(Extracted information)
++++++++

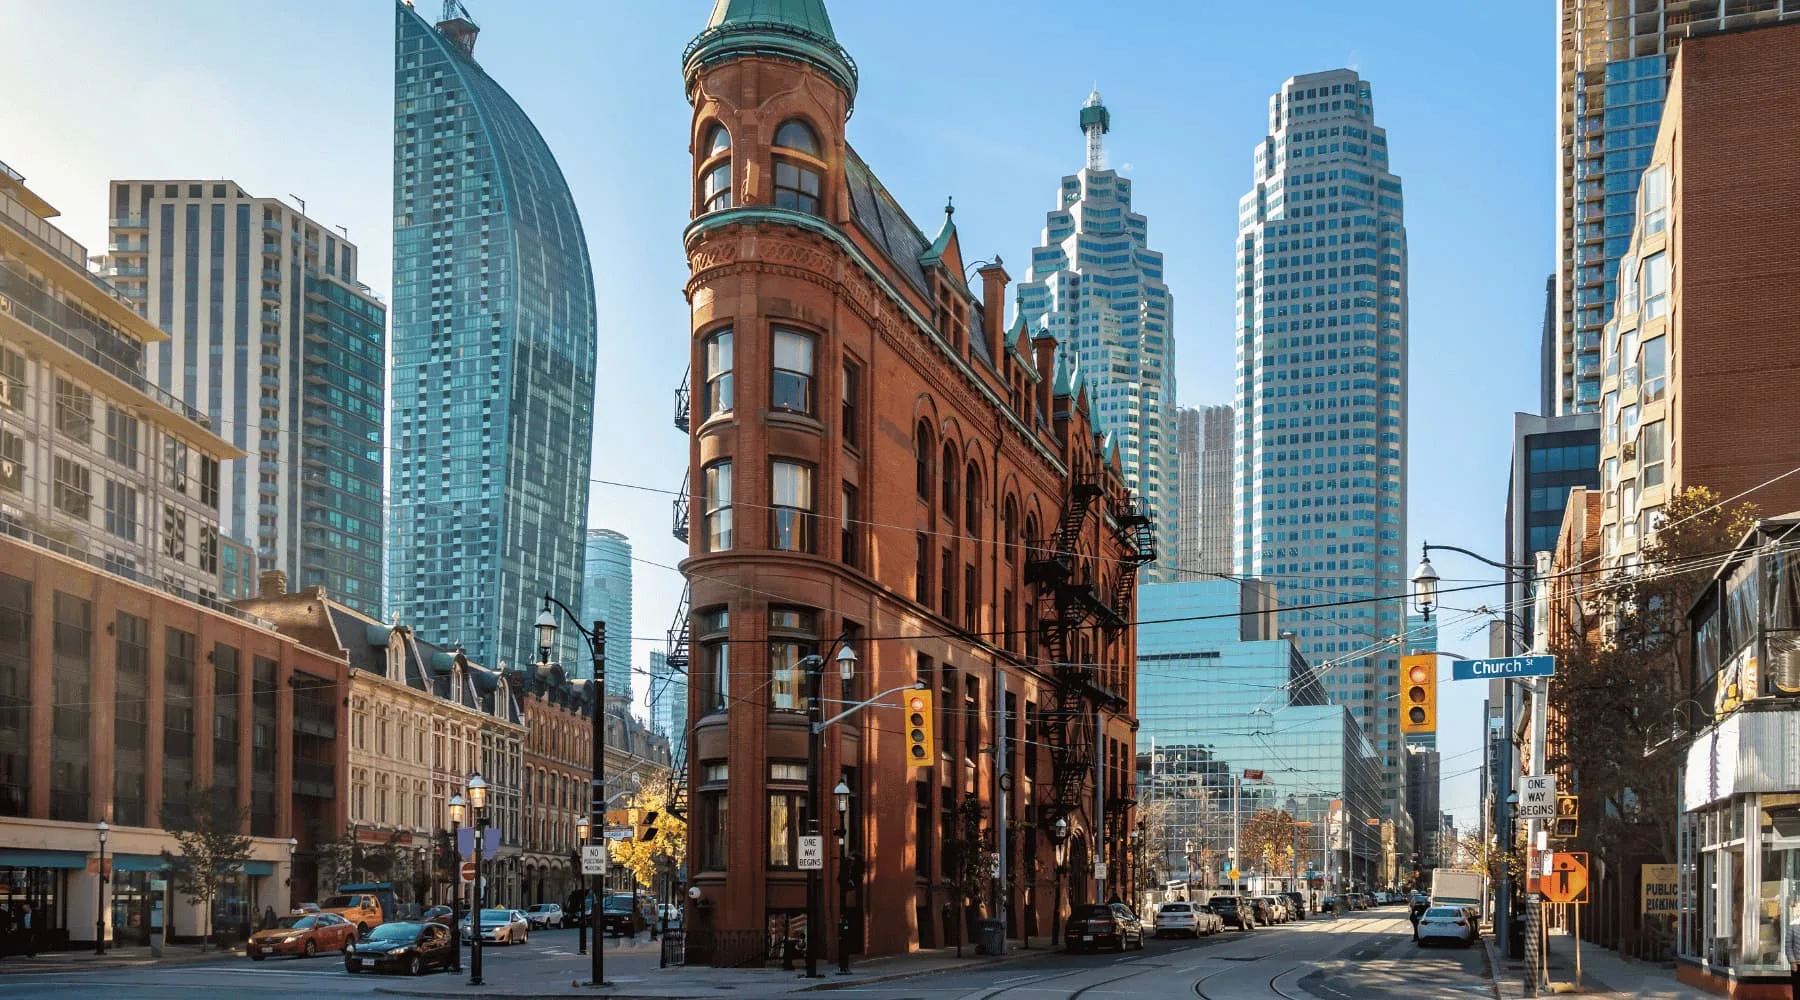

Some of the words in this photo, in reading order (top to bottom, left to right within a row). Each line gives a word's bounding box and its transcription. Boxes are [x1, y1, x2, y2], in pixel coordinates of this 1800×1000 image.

[1472, 659, 1522, 675] Church
[1525, 658, 1534, 666] St
[1527, 778, 1547, 789] ONE
[1527, 791, 1546, 802] WAY
[1520, 804, 1554, 816] BEGINS
[803, 838, 817, 847] ONE
[590, 848, 599, 857] NO
[804, 848, 816, 857] WAY
[799, 858, 821, 866] BEGINS
[1646, 883, 1678, 896] PUBLIC
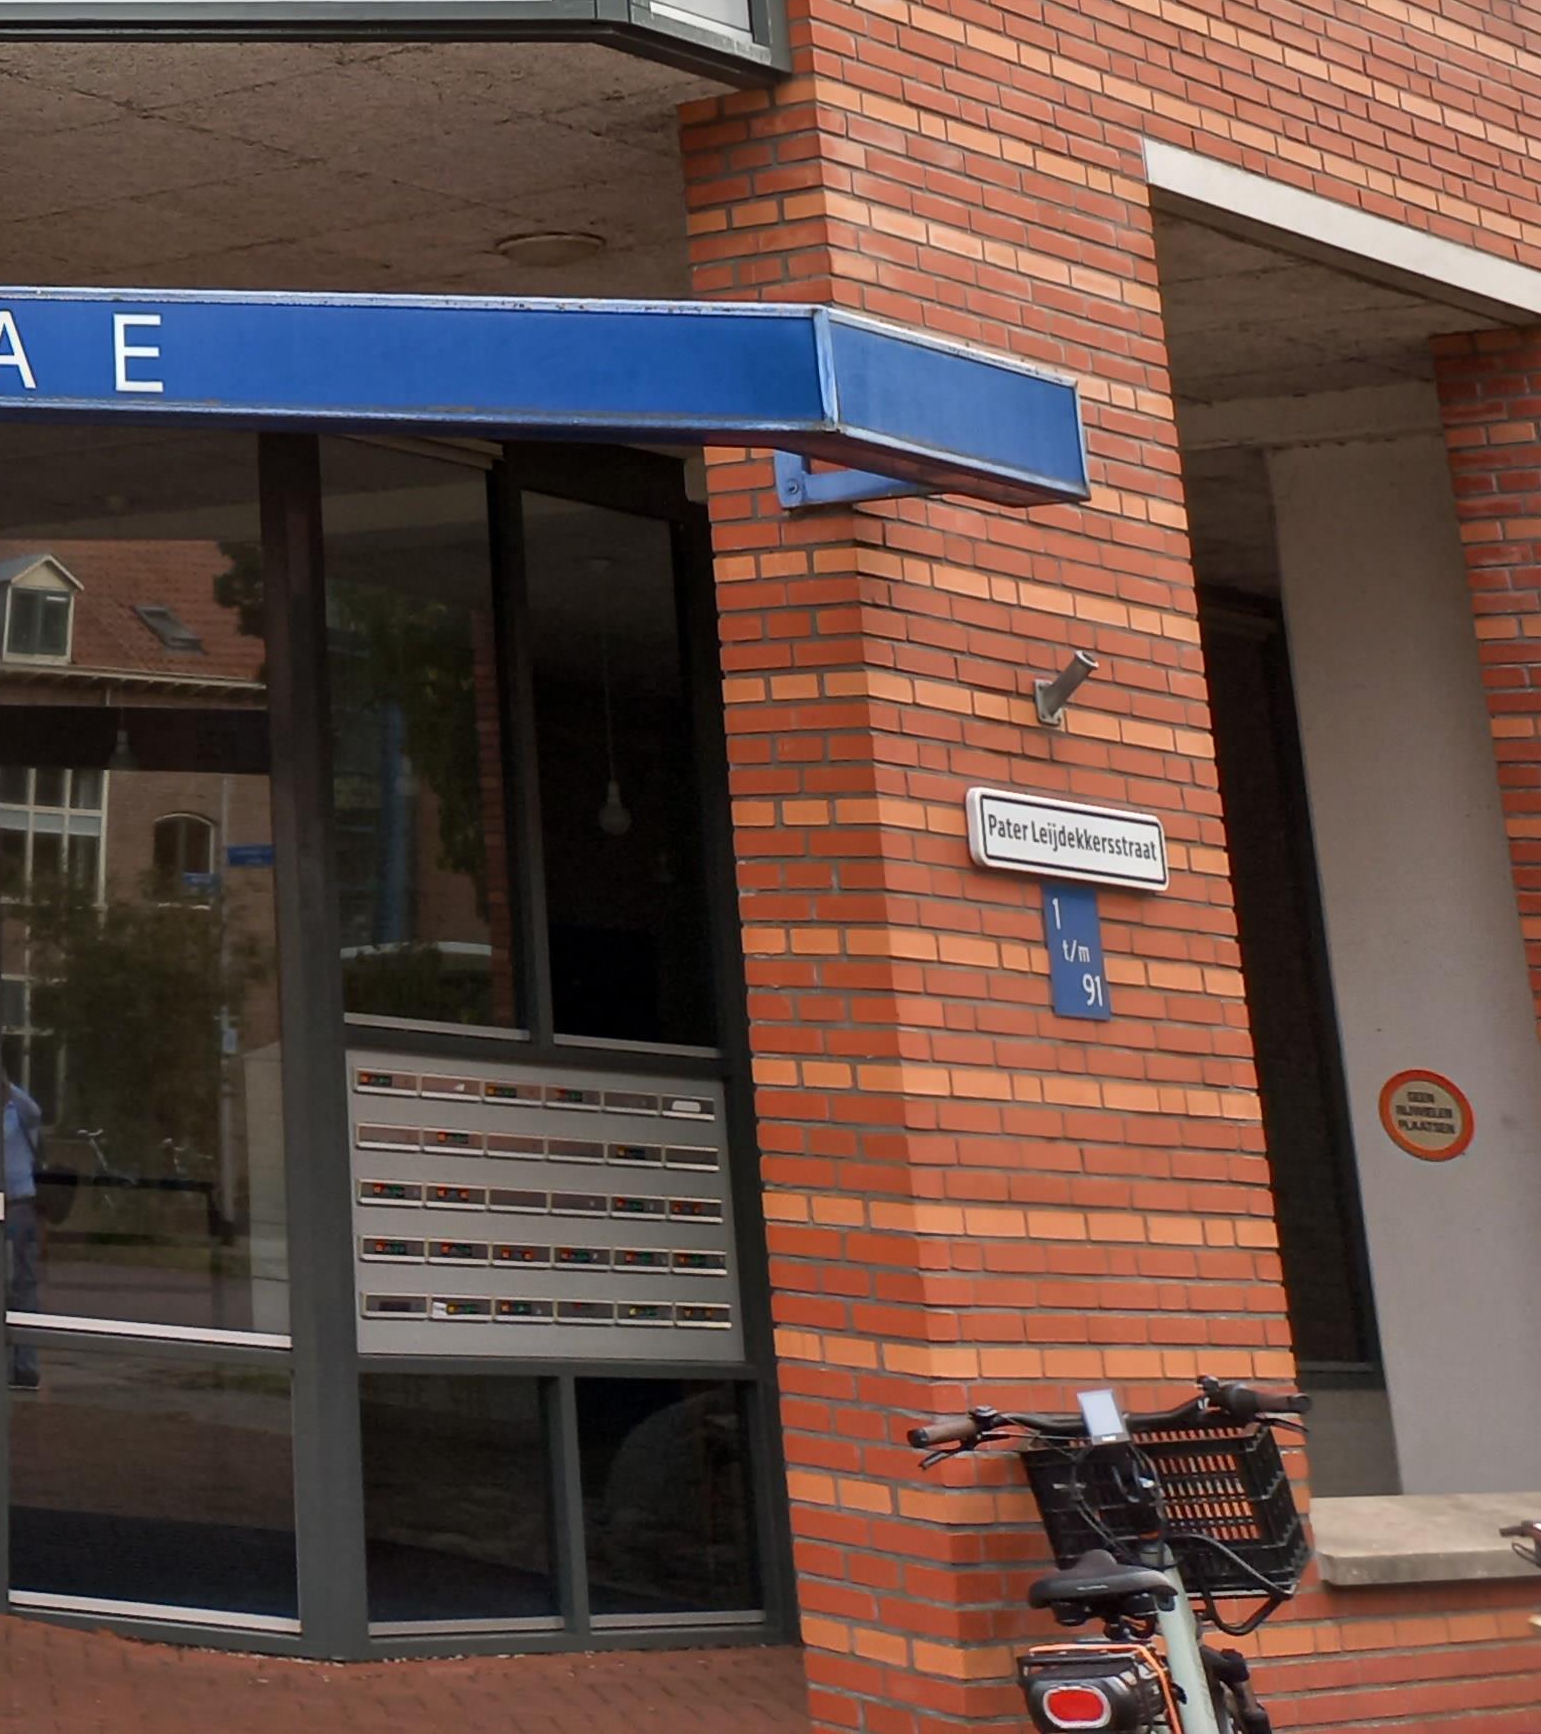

++++++++

(Task statement)
Make an exact copy of the whole listing, but don't bring over any pictures.

(Response area)
Some of the words in this photo, in reading order (top to bottom, left to right within a row). Each line gives a word's bounding box and its transcription. Boxes are [x1, y1, x2, y2], in pixel coordinates of this 1800×1000 image.

[1472, 659, 1522, 675] Church
[1525, 658, 1534, 666] St
[1527, 778, 1547, 789] ONE
[1527, 791, 1546, 802] WAY
[1520, 804, 1554, 816] BEGINS
[803, 838, 817, 847] ONE
[590, 848, 599, 857] NO
[804, 848, 816, 857] WAY
[799, 858, 821, 866] BEGINS
[1646, 883, 1678, 896] PUBLIC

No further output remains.